▸ **GOAL OF THE EXERCISE**
Copy every record verbatim but exclude the pictures.

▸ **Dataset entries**
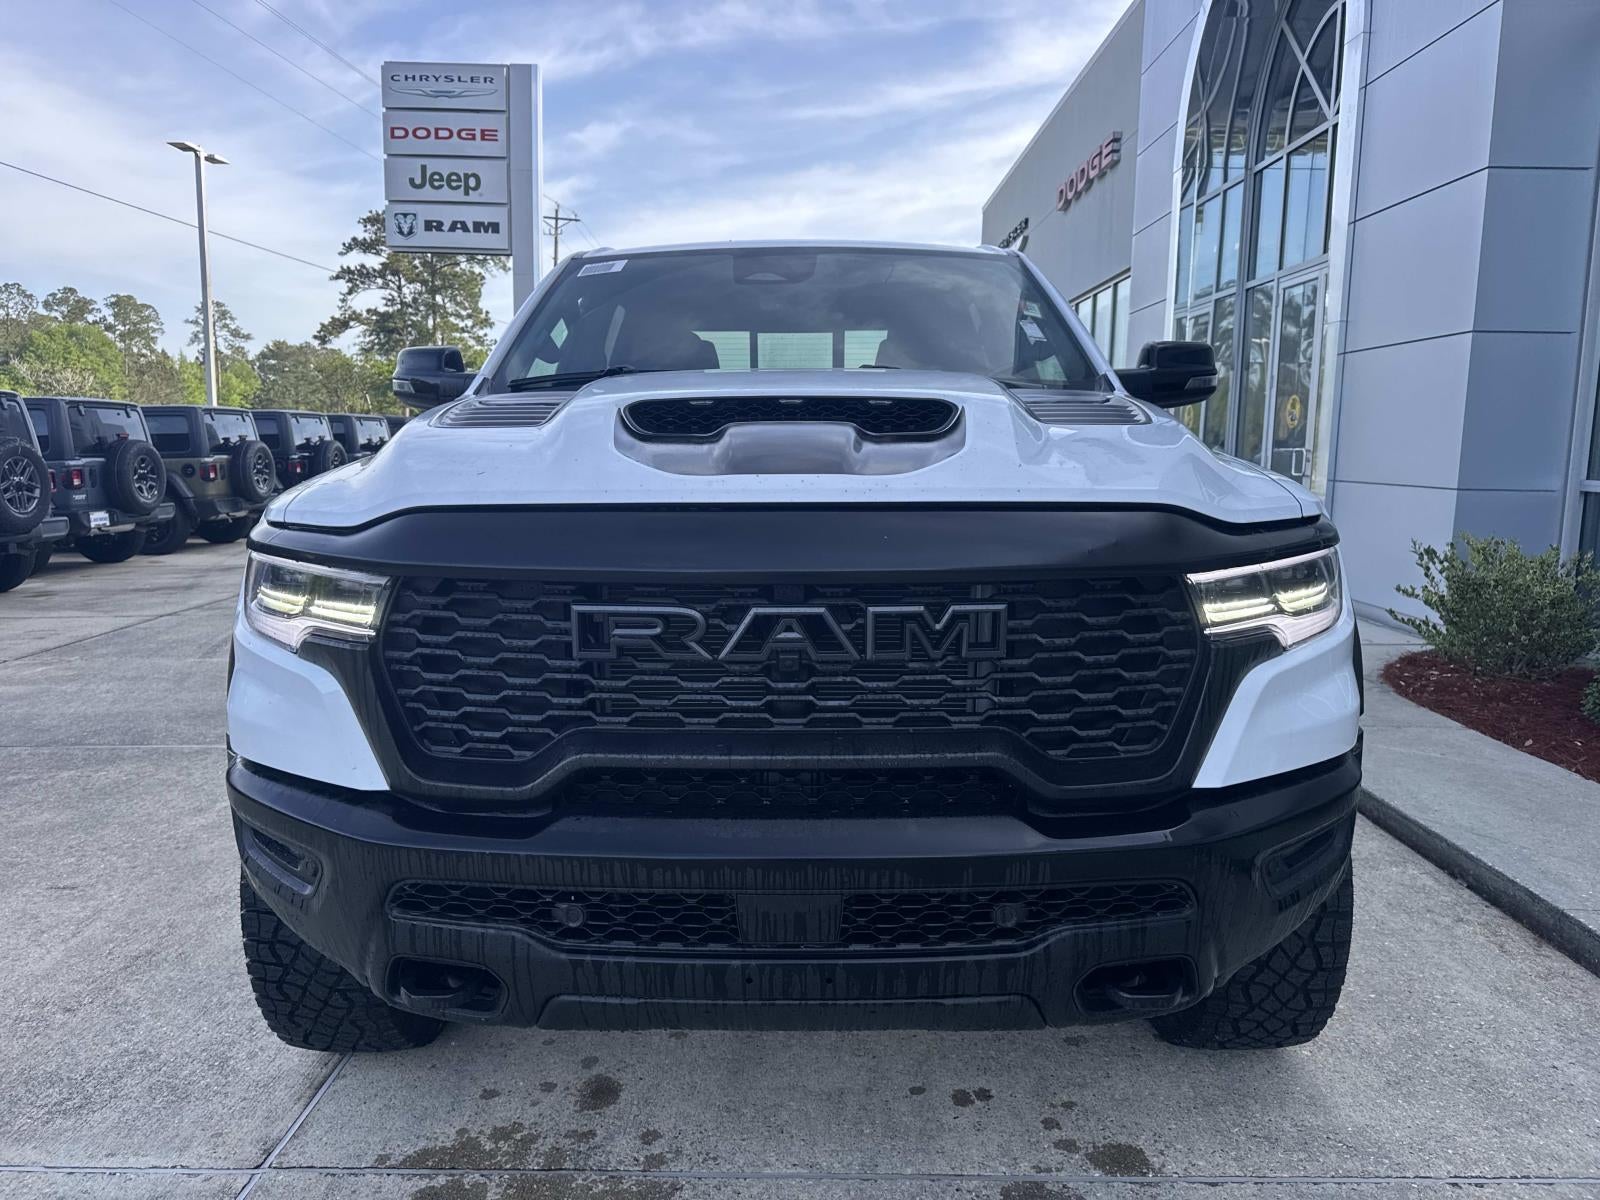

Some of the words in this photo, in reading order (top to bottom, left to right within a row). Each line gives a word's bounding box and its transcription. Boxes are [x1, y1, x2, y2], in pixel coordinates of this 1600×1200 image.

[390, 74, 495, 84] CHRYSLER
[389, 126, 499, 142] DODGE
[408, 164, 482, 196] Jeep
[1056, 131, 1123, 212] DODGE
[423, 219, 500, 234] RAM
[571, 604, 1008, 660] RAM
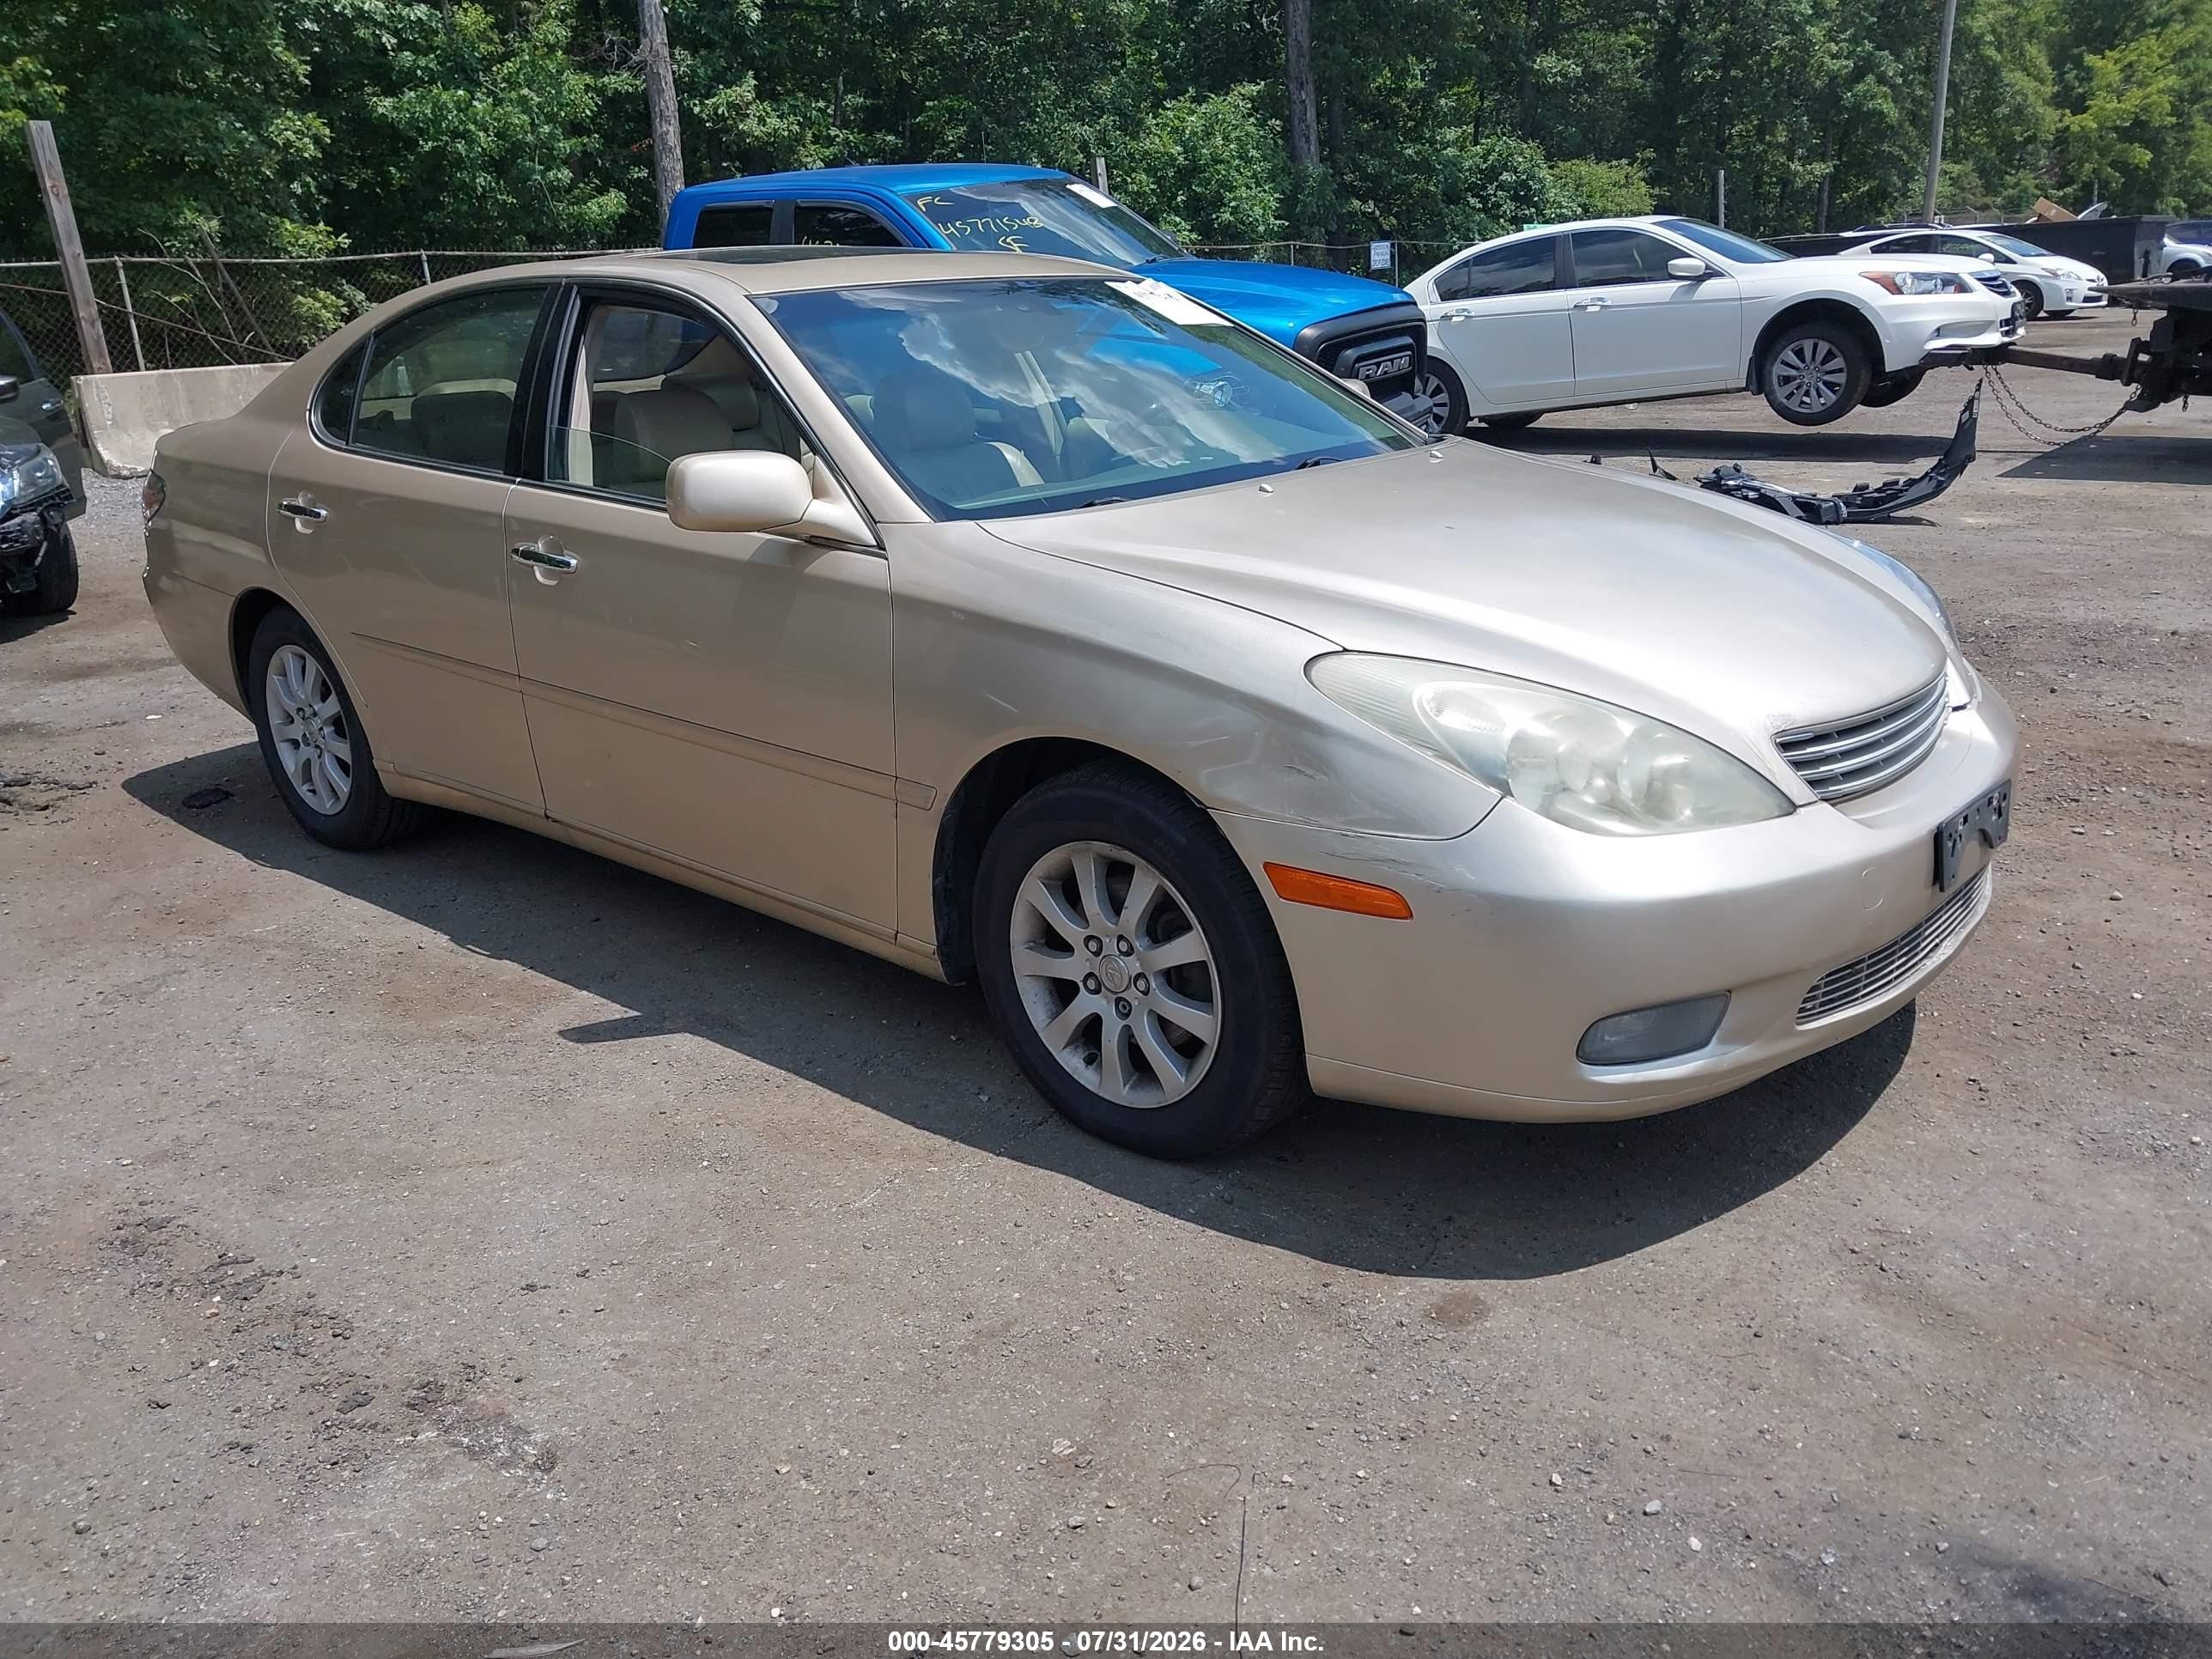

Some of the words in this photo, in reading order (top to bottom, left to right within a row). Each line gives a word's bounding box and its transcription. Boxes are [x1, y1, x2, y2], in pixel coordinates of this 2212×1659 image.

[916, 196, 956, 212] FC
[938, 216, 1044, 238] 45771548
[1358, 356, 1410, 380] RAM

▸ **EXERCISE SOLUTION**
Some of the words in this photo, in reading order (top to bottom, left to right within a row). Each line gives a word's bounding box and its transcription. Boxes are [x1, y1, x2, y2], in pixel coordinates of this 1600×1200 image.

[390, 74, 495, 84] CHRYSLER
[389, 126, 499, 142] DODGE
[408, 164, 482, 196] Jeep
[1056, 131, 1123, 212] DODGE
[423, 219, 500, 234] RAM
[571, 604, 1008, 660] RAM

Some of the words in this photo, in reading order (top to bottom, left to right within a row). Each line gives a word's bounding box and its transcription. Boxes are [x1, y1, x2, y2], in pixel coordinates of this 2212×1659 image.

[916, 196, 956, 212] FC
[938, 216, 1044, 238] 45771548
[1358, 356, 1410, 380] RAM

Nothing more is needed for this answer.